Il “no” del Consiglio regionale del Veneto ad una legge di civiltà

Dopo il no (per un voto) del Consiglio regionale del Veneto all’approvazione della proposta di legge di iniziativa popolare, per formalizzare, con procedure meno burocratiche, il diritto individuale al “fine vita”, si è strumentalmente avviata, tra e dentro le forze politiche venete e nazionali, una sterile, incandescente, polemica, con forti accuse, sulla base delle opinioni individuali, rivolte ai favorevoli o ai contrari alla legge. Questo palleggiamento politico-partitico è un’altra, ulteriore, “pugnalata” a quelle persone, che soffrendo ininterrottamente da anni, fisicamente e psicologicamente, su una sedia a rotelle o in un letto sanitario, chiedono, rivendicano, il libero diritto a staccare la loro luce terrena per accedere al riposo eterno. Sono convinto che le persone di buon senso, soprattutto quelle che hanno responsabilità istituzionali, amando e sostenendo il diritto alla vita, ovviamente se dignitosa, non congelano i loro cuori, quando alle loro porte bussano persone con patologie gravissime che chiedono il diritto a terminare le loro sofferenze e quelle dei loro familiari.

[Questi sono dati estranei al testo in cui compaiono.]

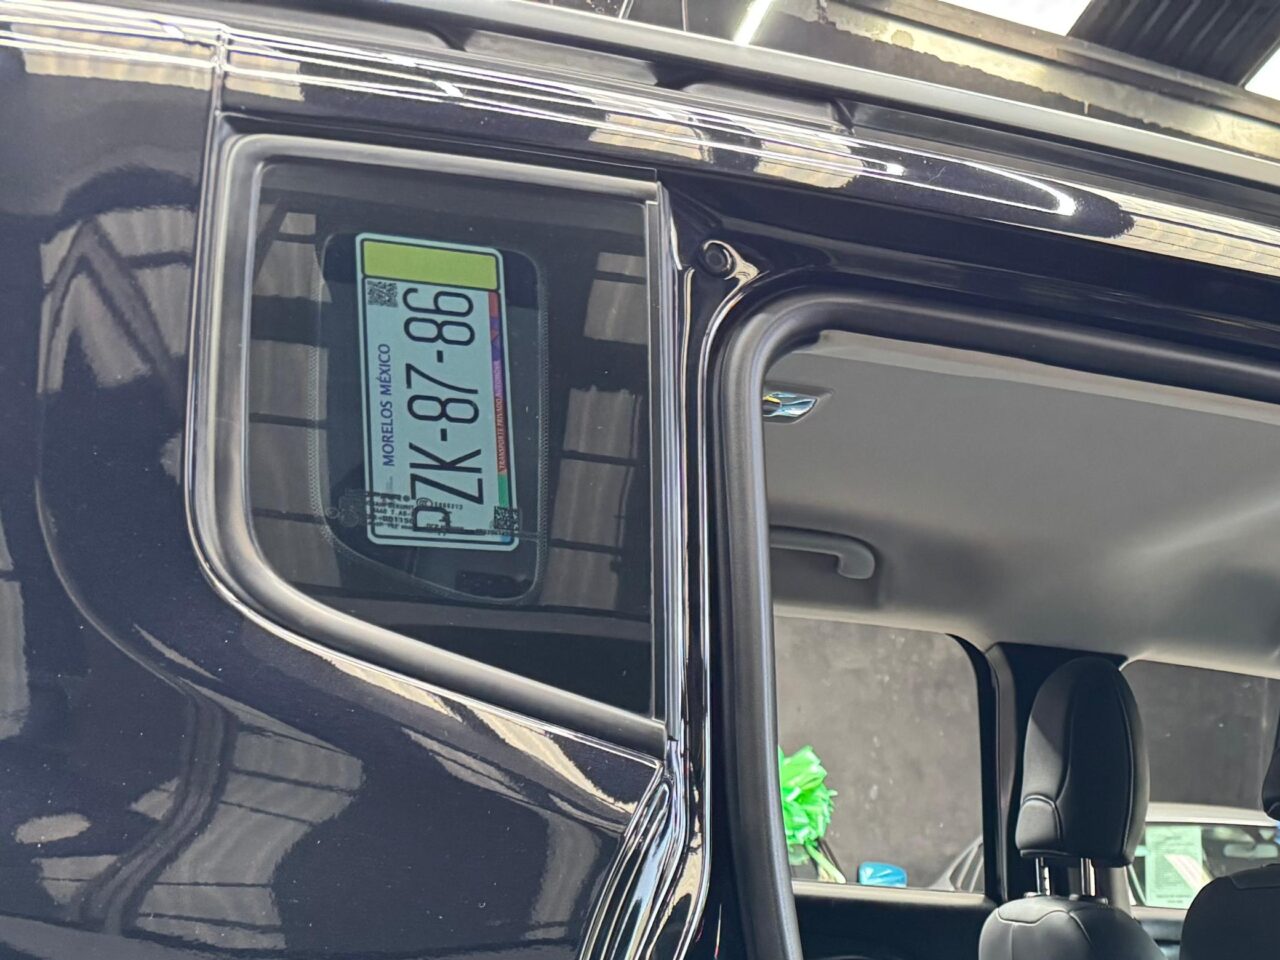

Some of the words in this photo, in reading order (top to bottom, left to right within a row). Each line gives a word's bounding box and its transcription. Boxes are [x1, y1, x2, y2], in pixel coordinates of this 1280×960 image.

Pertanto, è più che opportuno e urgente che venga chiuso definitivamente il rimpallo politico-partitico sul fine vita, sgomberando il campo del confronto sociale da eventuali strumentalizzazioni sui versanti della religione e/o della coscienza, concentrando attenzione e impegno unicamente a quelle persone che chiedono, rivendicano, il diritto individuale di non più soffrire.